#### Assignment:
Apart from the pictures, the listing is to be returned exactly.
··· Task input
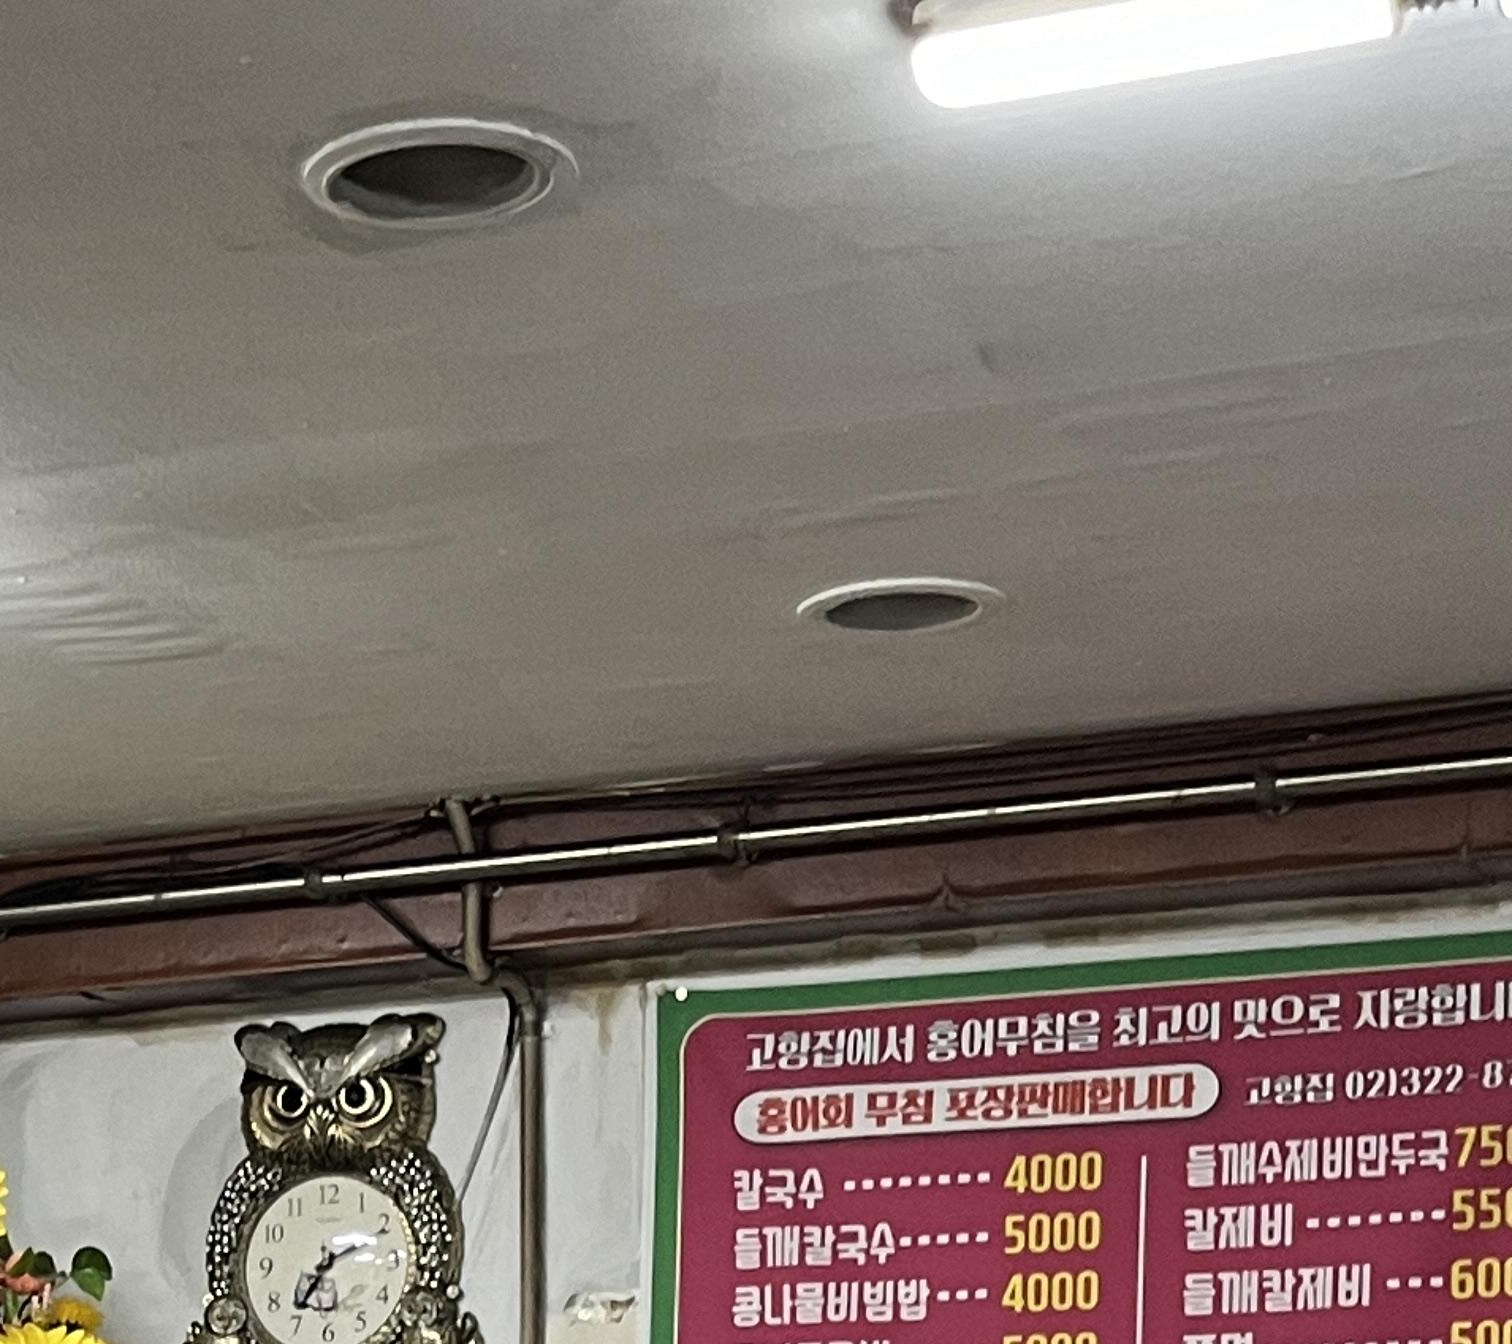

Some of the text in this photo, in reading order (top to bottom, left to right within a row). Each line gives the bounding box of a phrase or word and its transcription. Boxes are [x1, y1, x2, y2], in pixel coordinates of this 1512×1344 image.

[745, 980, 1512, 1072] 고향집에서 홍어무침을 최고의 맛으로 자랑합니
[1345, 1059, 1512, 1101] 02)322-8
[757, 1072, 1196, 1136] 홍어회 무침 포장판매합니다
[1186, 1129, 1449, 1188] 들깨수제비만두국
[733, 1151, 1103, 1211] 칼국수 4000
[320, 1184, 339, 1205] 12
[359, 1192, 365, 1213] 1
[288, 1198, 302, 1217] 11
[265, 1224, 284, 1244] 10
[377, 1213, 390, 1235] 2
[1184, 1203, 1293, 1251] 칼제비
[734, 1211, 1101, 1270] 들깨칼국수 5000
[259, 1257, 273, 1279] 9
[376, 1285, 388, 1304] 4
[732, 1270, 1100, 1328] 콩나물비빔밥 4000
[1183, 1263, 1371, 1316] 들깨칼제비
[268, 1291, 281, 1313] 8
[290, 1315, 302, 1336] 7
[322, 1322, 334, 1342] 6
[355, 1311, 367, 1332] 5
······
#### Solution for this task:
Some of the text in this photo, in reading order (top to bottom, left to right within a row). Each line gives the bounding box of a phrase or word and its transcription. Boxes are [x1, y1, x2, y2], in pixel coordinates of this 1512×1344 image.

[745, 980, 1512, 1072] 고향집에서 홍어무침을 최고의 맛으로 자랑합니
[1345, 1059, 1512, 1101] 02)322-8
[757, 1072, 1196, 1136] 홍어회 무침 포장판매합니다
[1186, 1129, 1449, 1188] 들깨수제비만두국
[733, 1151, 1103, 1211] 칼국수 4000
[320, 1184, 339, 1205] 12
[359, 1192, 365, 1213] 1
[288, 1198, 302, 1217] 11
[265, 1224, 284, 1244] 10
[377, 1213, 390, 1235] 2
[1184, 1203, 1293, 1251] 칼제비
[734, 1211, 1101, 1270] 들깨칼국수 5000
[259, 1257, 273, 1279] 9
[376, 1285, 388, 1304] 4
[732, 1270, 1100, 1328] 콩나물비빔밥 4000
[1183, 1263, 1371, 1316] 들깨칼제비
[268, 1291, 281, 1313] 8
[290, 1315, 302, 1336] 7
[322, 1322, 334, 1342] 6
[355, 1311, 367, 1332] 5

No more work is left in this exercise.